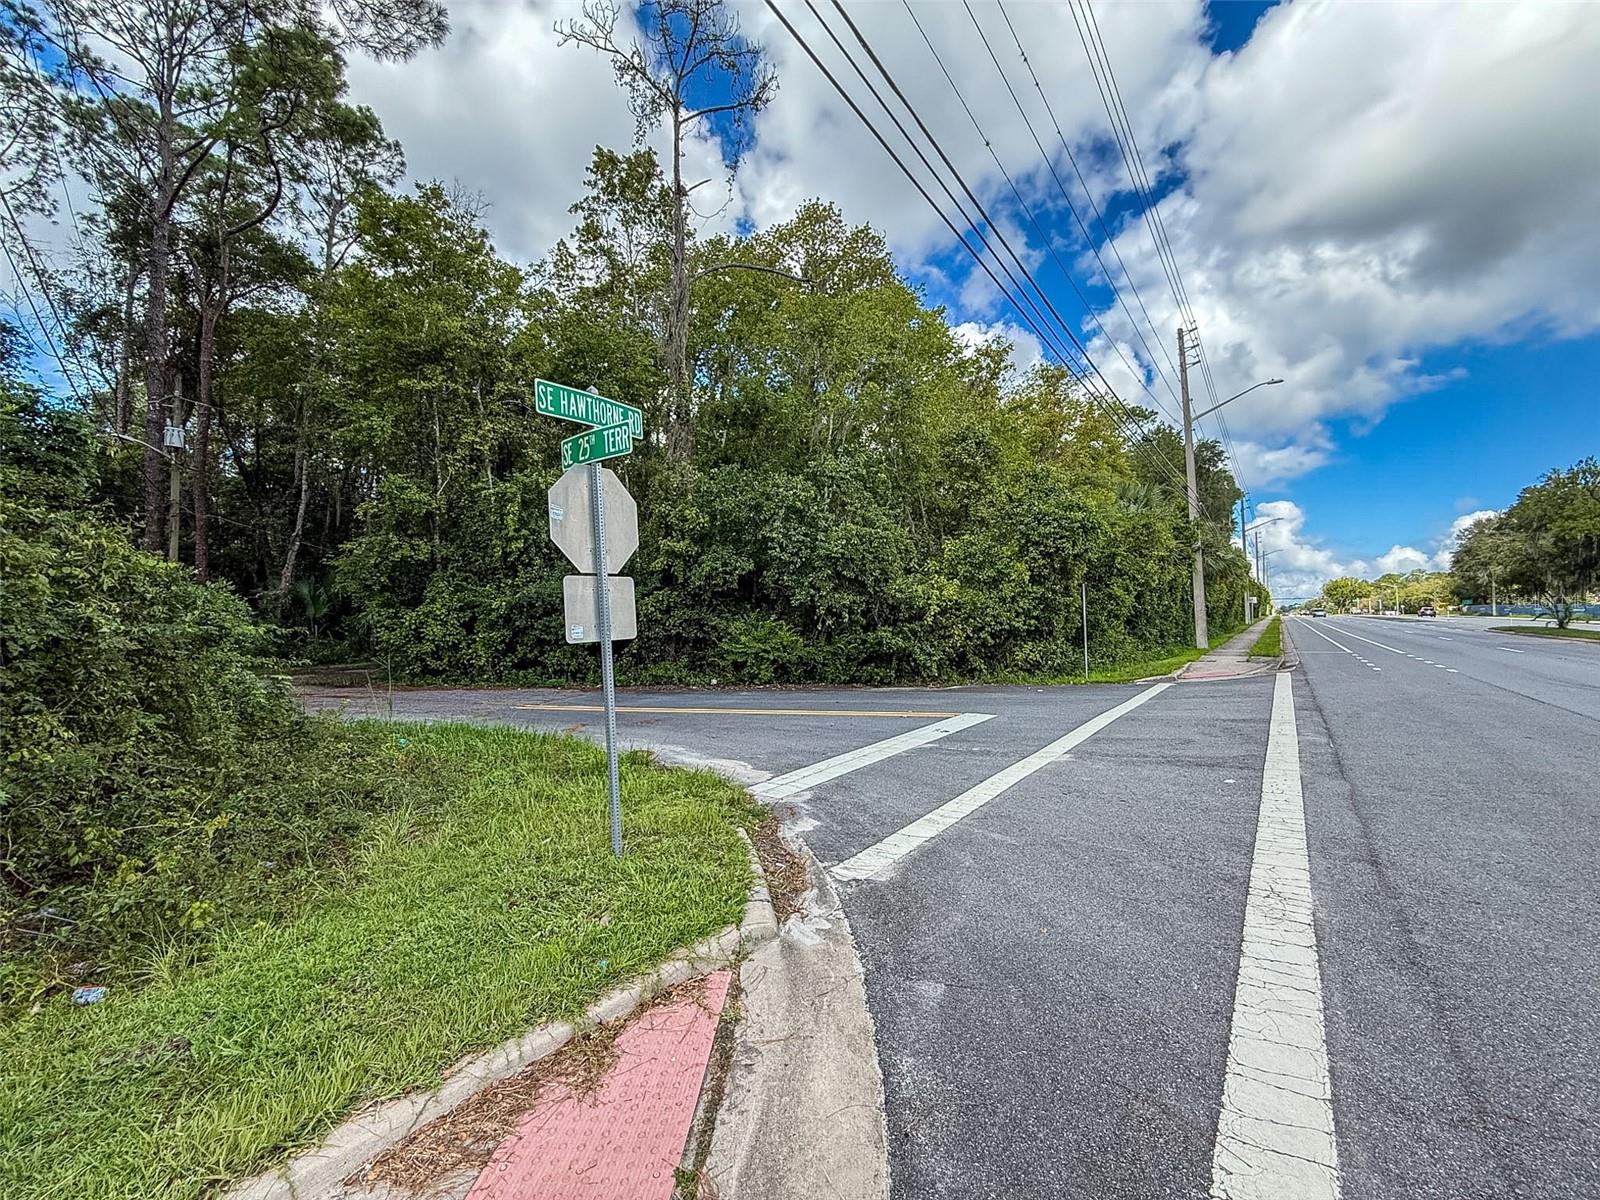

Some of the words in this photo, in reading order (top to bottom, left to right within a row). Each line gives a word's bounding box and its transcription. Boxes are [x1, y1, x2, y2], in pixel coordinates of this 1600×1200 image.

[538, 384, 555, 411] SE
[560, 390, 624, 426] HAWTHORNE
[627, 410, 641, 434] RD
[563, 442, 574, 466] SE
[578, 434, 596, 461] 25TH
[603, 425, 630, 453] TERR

### EXERCISE
Pictures aside, reproduce every record exactly as it stands.

### REPLY
Some of the words in this photo, in reading order (top to bottom, left to right within a row). Each line gives a word's bounding box and its transcription. Boxes are [x1, y1, x2, y2], in pixel coordinates of this 1600×1200 image.

[538, 384, 555, 411] SE
[560, 390, 624, 426] HAWTHORNE
[627, 410, 641, 434] RD
[563, 442, 574, 466] SE
[578, 434, 596, 461] 25TH
[603, 425, 630, 453] TERR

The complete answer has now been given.